This review is also published on Twitter, Amazon, Instagram and Goodreads.com

Watching what I’m reading . . .

We’re currently having lovely warm days and very cold nights, something I can live with. But we have more rain forecast next week and apparently a cold spell as well that may see me hibernating.

The Eastern Bay of Plenty region of the North Island of New Zealand has been hit by a swarm of earthquakes over the past 36 hours. To all my bookish friends in that region, my thoughts are with you and I hope you are all safe.

I am currently reading A Gentle Murderer by Dorothy Salisbury Davis, set in the 1950s. It took me a wee bit to settle into, but now I’m enjoying it immensely. It’s not quite a murder-mystery as we meet the murderer making confession early in the book, but it’s the police and the Priest to whom he confessed trying to ascertain just who he is, and then trying to find him, that provides the entertainment.

I am also reading #1 in a New Zealand crime/detective series by Vanda Symon, Overkill. I read the 5th in the series last week and loved it so much that I decided to begin at the beginning. Loving it. At this point it’s looking like another 5 star read.

Book 1 in the PC Sam Shephard series. Action-packed, tension-filled and atmospheric police procedural set in rural New Zealand.

When the body of a young mother is found washed up on the banks of the Mataura River, a small rural community is rocked by her tragic suicide. But all is not what it seems. Sam Shephard, sole-charge police constable in Mataura, soon discovers the death was no suicide and has to face the realisation that there is a killer in town. To complicate the situation, the murdered woman was the wife of her former lover. When Sam finds herself on the list of suspects and suspended from duty, she must cast said her personal feelings and take matters into her own hands. To find the murderer… and clear her name. A taut, atmospheric and pageturning thriller, Overkill marks the start of an unputdownable and unforgettable series from one of New Zealand s finest crime writers.
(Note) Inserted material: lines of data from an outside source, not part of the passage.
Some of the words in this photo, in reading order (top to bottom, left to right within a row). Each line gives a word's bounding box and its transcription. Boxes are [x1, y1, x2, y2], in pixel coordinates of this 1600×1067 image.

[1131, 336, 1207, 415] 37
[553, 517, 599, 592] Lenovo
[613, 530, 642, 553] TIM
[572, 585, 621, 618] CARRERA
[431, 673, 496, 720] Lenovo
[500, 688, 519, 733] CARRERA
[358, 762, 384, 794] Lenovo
I am listening to The House at Riverton by Kate Morton, narrated by Emilia Fox. This was originally published as The Shifting Fog.

The House at Riverton is a gorgeous debut novel set in England between the wars. Perfect for fans of “Downton Abbey,” it’s the story of an aristocratic family, a house, a mysterious death, and a way of life that vanished forever, told in flashback by a woman who witnessed it all.
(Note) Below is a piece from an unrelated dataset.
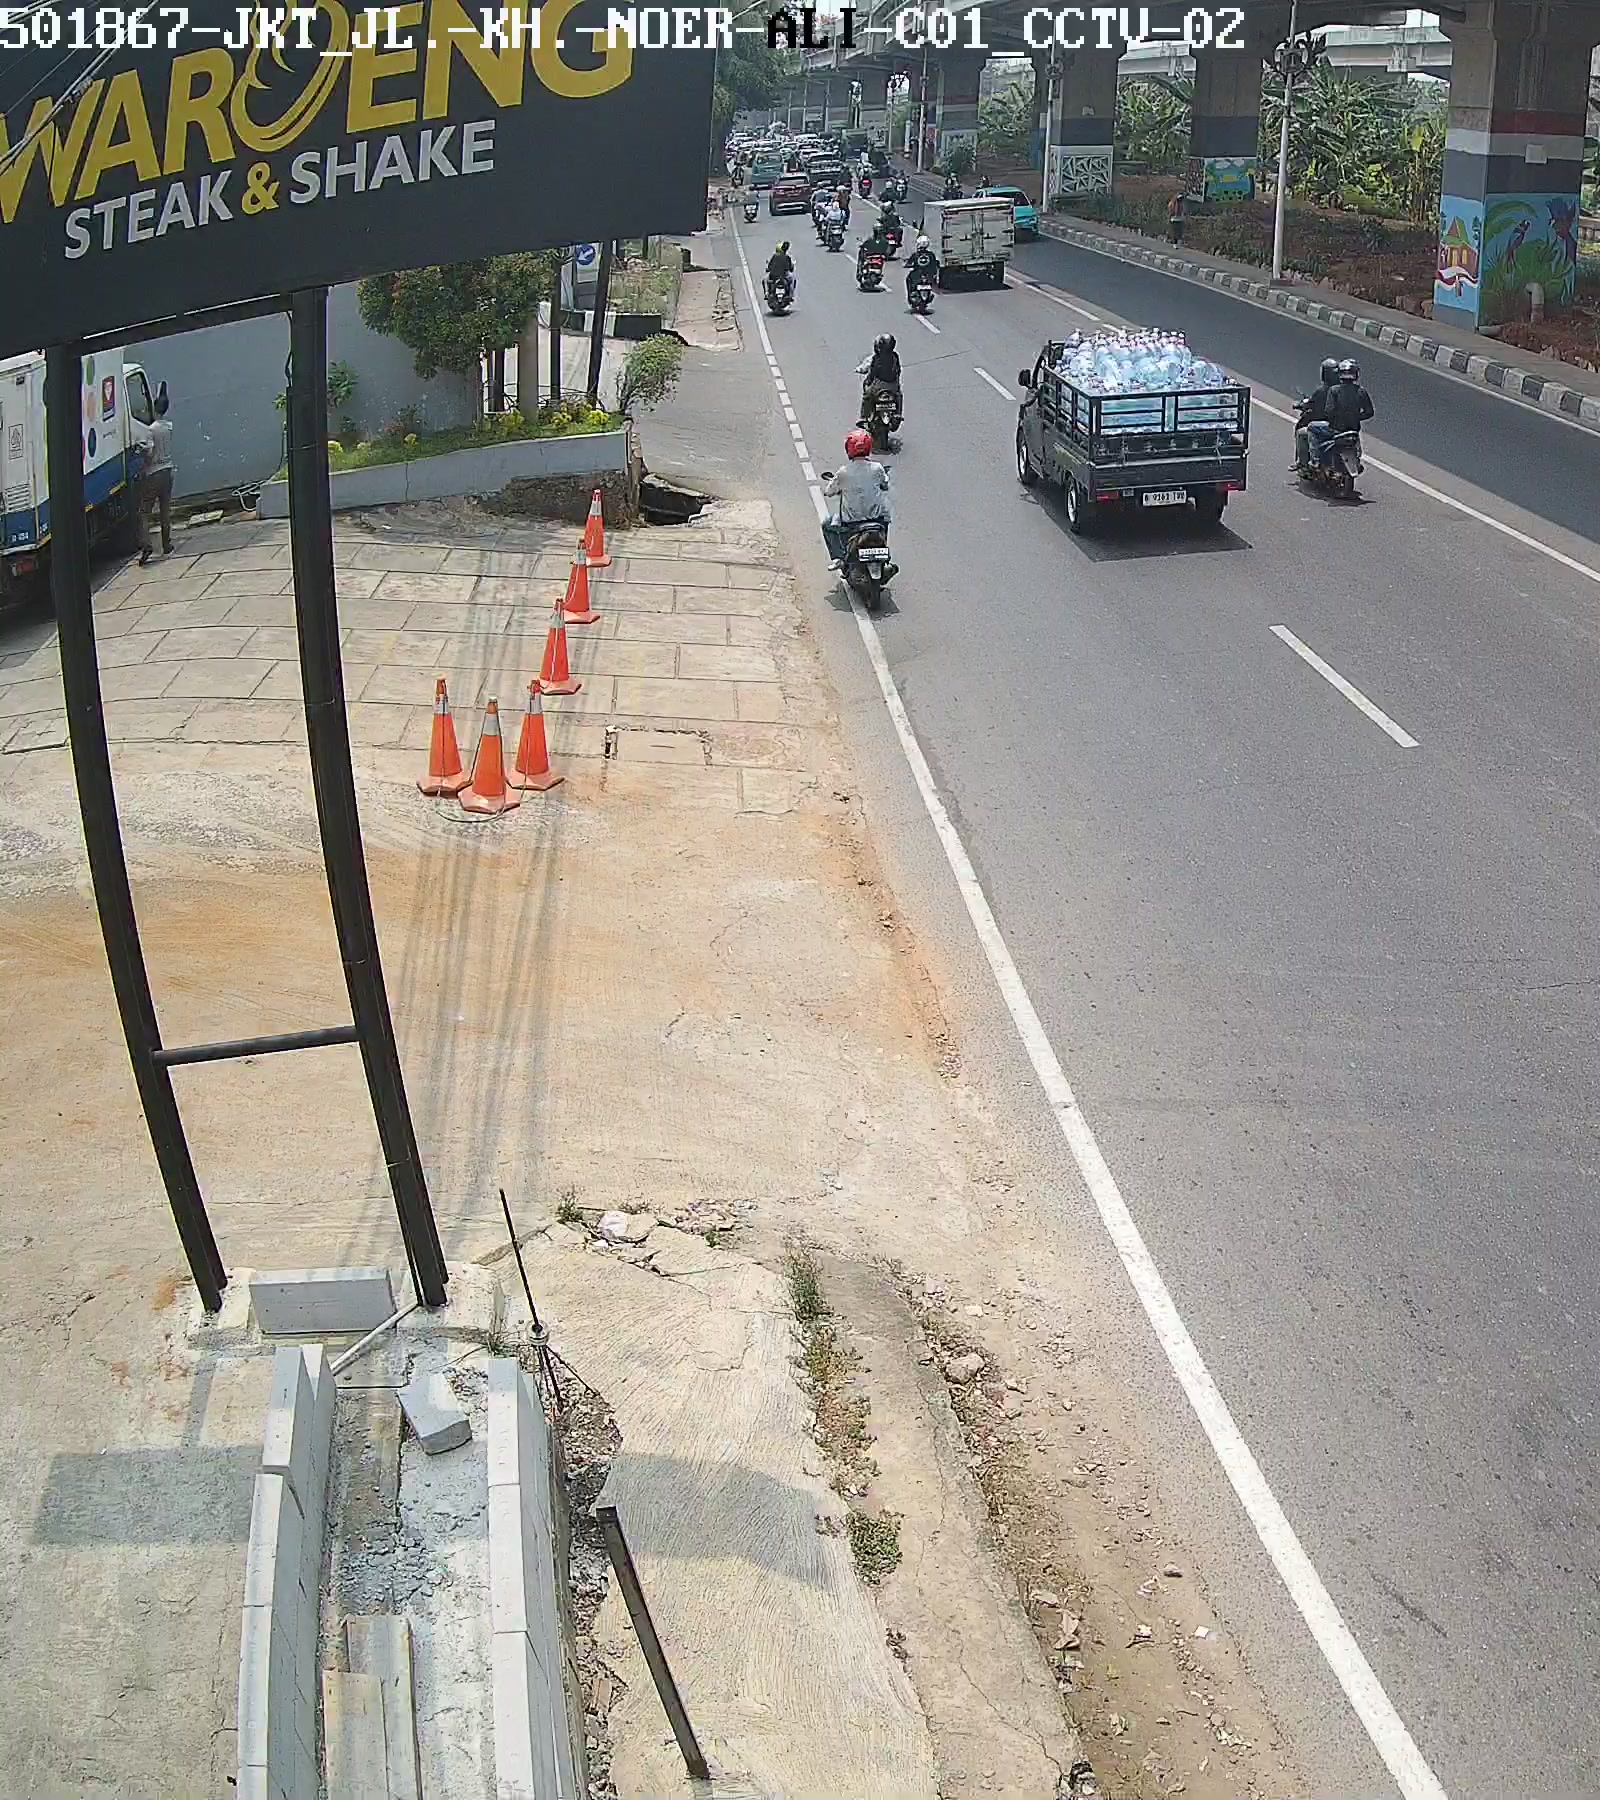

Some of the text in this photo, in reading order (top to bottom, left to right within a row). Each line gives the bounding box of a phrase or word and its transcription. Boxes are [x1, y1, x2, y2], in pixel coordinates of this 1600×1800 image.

[63, 119, 497, 260] STEAK & SHAKE
The novel is full of secrets – some revealed, others hidden forever, reminiscent of the romantic suspense of Daphne du Maurier. It’s also a meditation on memory and the devastation of war and a beautifully rendered window into a fascinating time in history.
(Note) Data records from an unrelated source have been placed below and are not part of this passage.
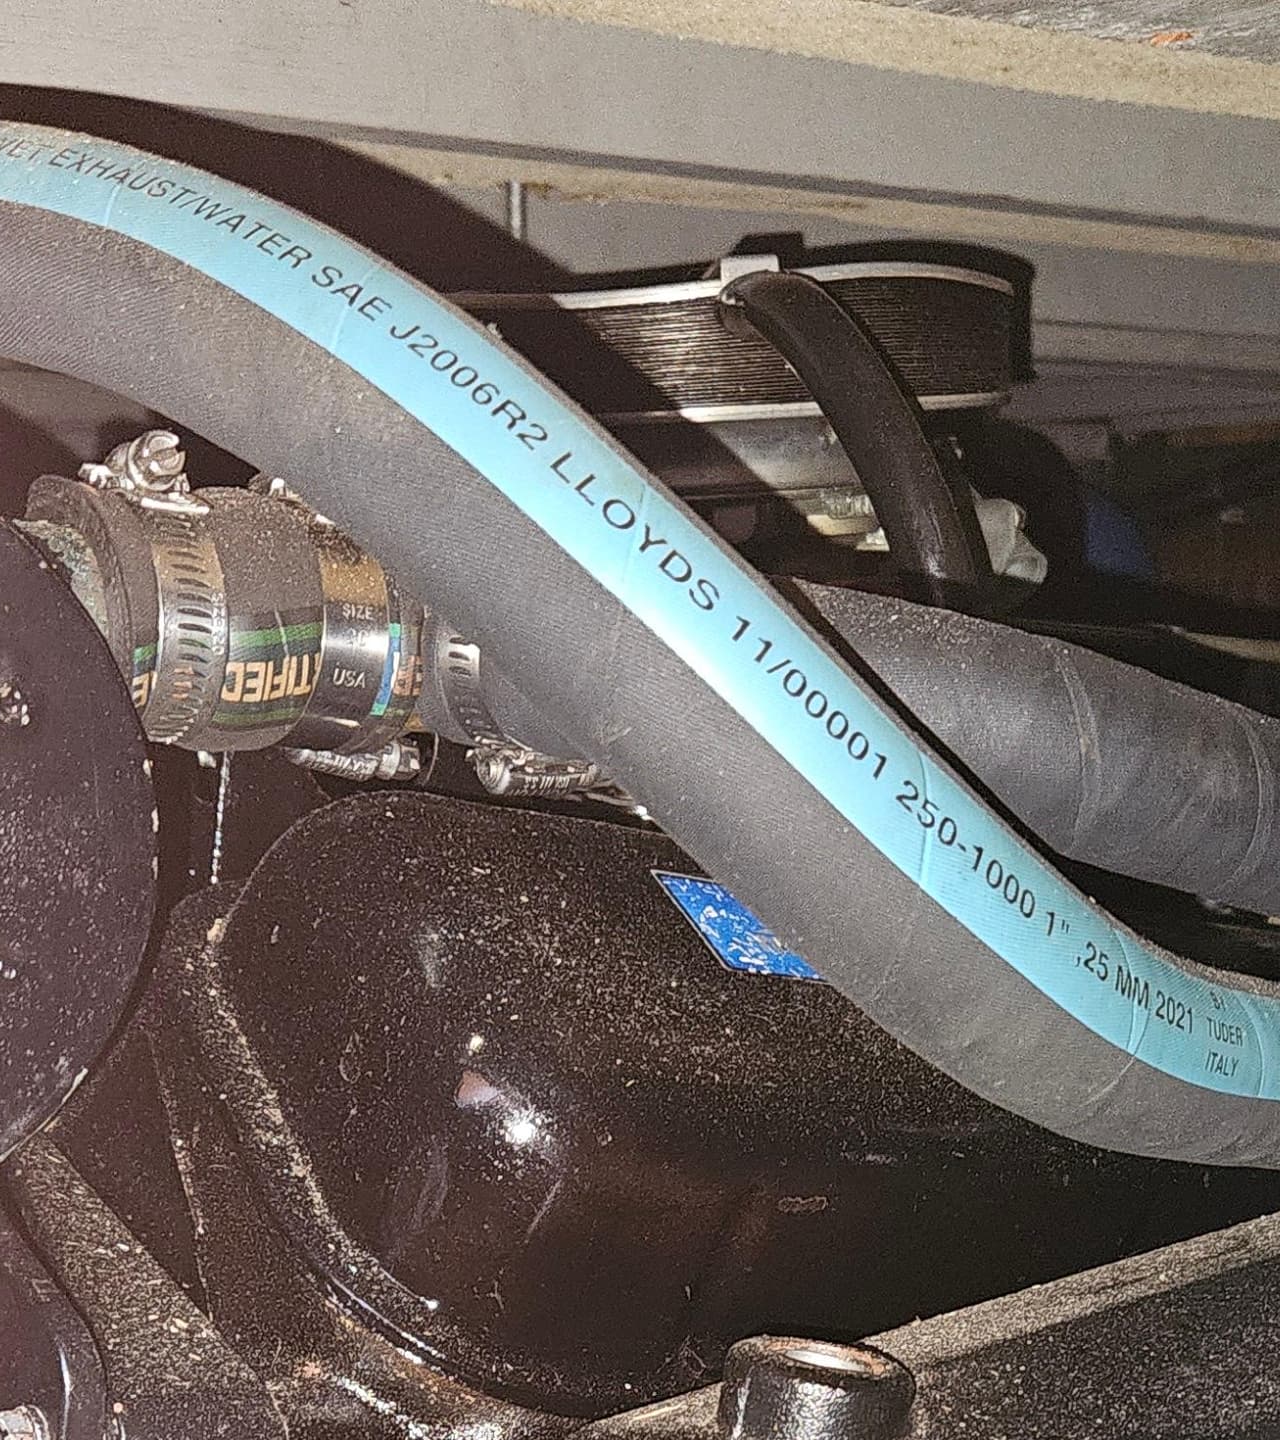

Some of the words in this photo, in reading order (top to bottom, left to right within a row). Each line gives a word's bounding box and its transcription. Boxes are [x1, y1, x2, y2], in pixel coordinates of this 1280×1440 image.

[54, 145, 310, 271] EXHAUST/WATER
[310, 262, 392, 324] SAE
[389, 322, 550, 452] J2006R2
[549, 450, 722, 613] LLOYDS
[729, 613, 887, 783] 11/00001
[896, 777, 1037, 922] 250-1000
[1114, 964, 1150, 1010] MM
[1154, 990, 1194, 1034] 2021
[342, 606, 375, 622] SIZE
[332, 667, 368, 690] USA
[1203, 1052, 1240, 1078] ITALY
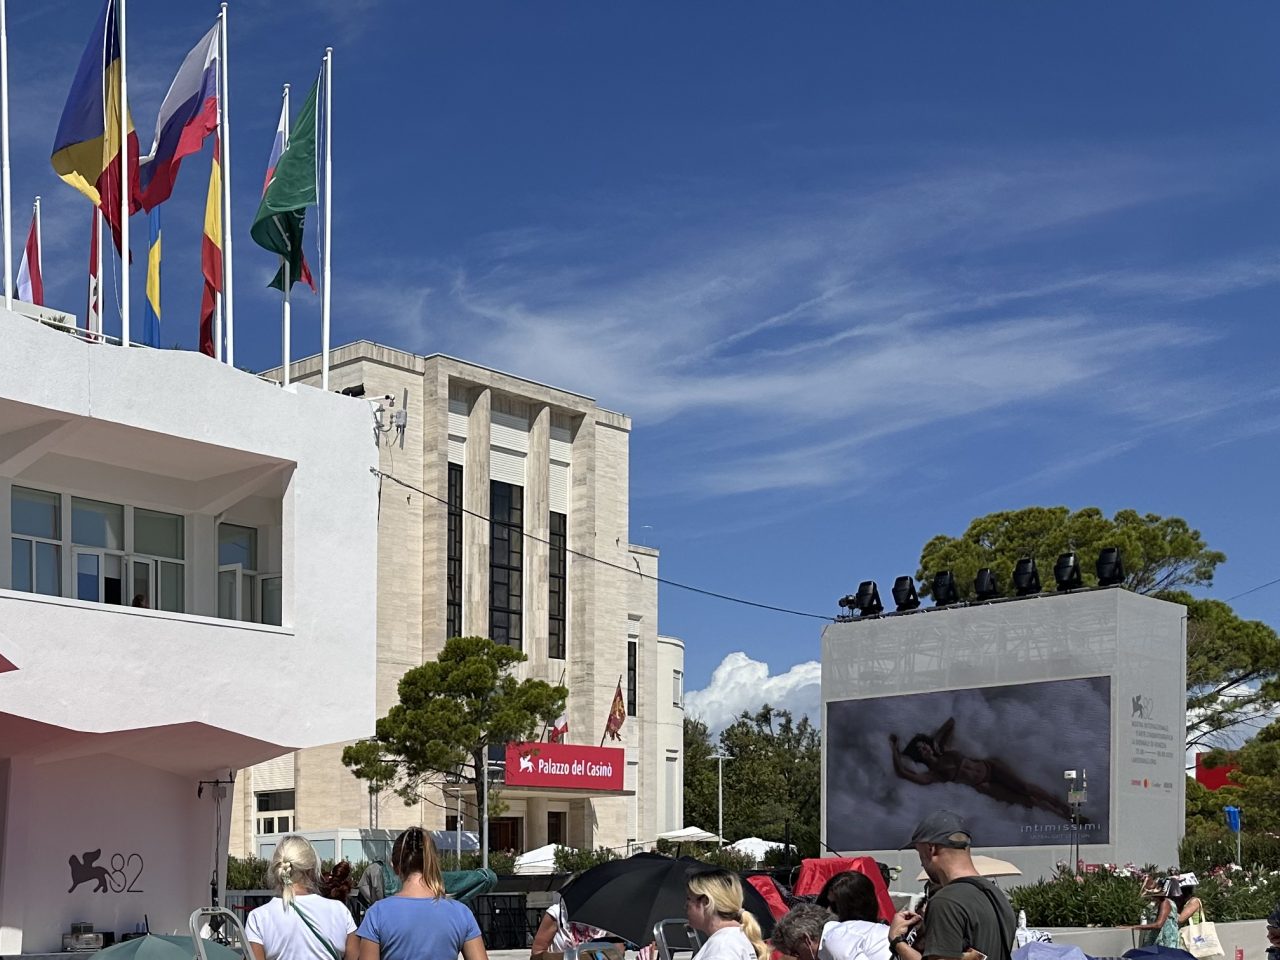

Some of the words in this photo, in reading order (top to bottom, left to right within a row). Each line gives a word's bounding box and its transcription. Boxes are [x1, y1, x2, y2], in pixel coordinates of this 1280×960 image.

[538, 757, 569, 775] Palazzo
[571, 759, 585, 776] del
[586, 761, 613, 777] Casinò
[1020, 823, 1101, 833] intimissimi
[109, 853, 144, 893] 82
I, again, have only one read for review due this week, just as well as I am still reading books that were published two weeks ago. Her Deadly Game by Robert Dugoni is due for publication 23rd March, and hopefully I will be caught up by then.

A defense attorney is prepared to play. But is she a pawn in a master’s deadly match? A twisting novel of suspense by New York Times bestselling author Robert Dugoni.

Keera Duggan was building a solid reputation as a Seattle prosecutor, until her romantic relationship with a senior colleague ended badly. For the competitive former chess prodigy, returning to her family’s failing criminal defense law firm to work for her father is the best shot she has. With the right moves, she hopes to restore the family’s reputation, her relationship with her father, and her career.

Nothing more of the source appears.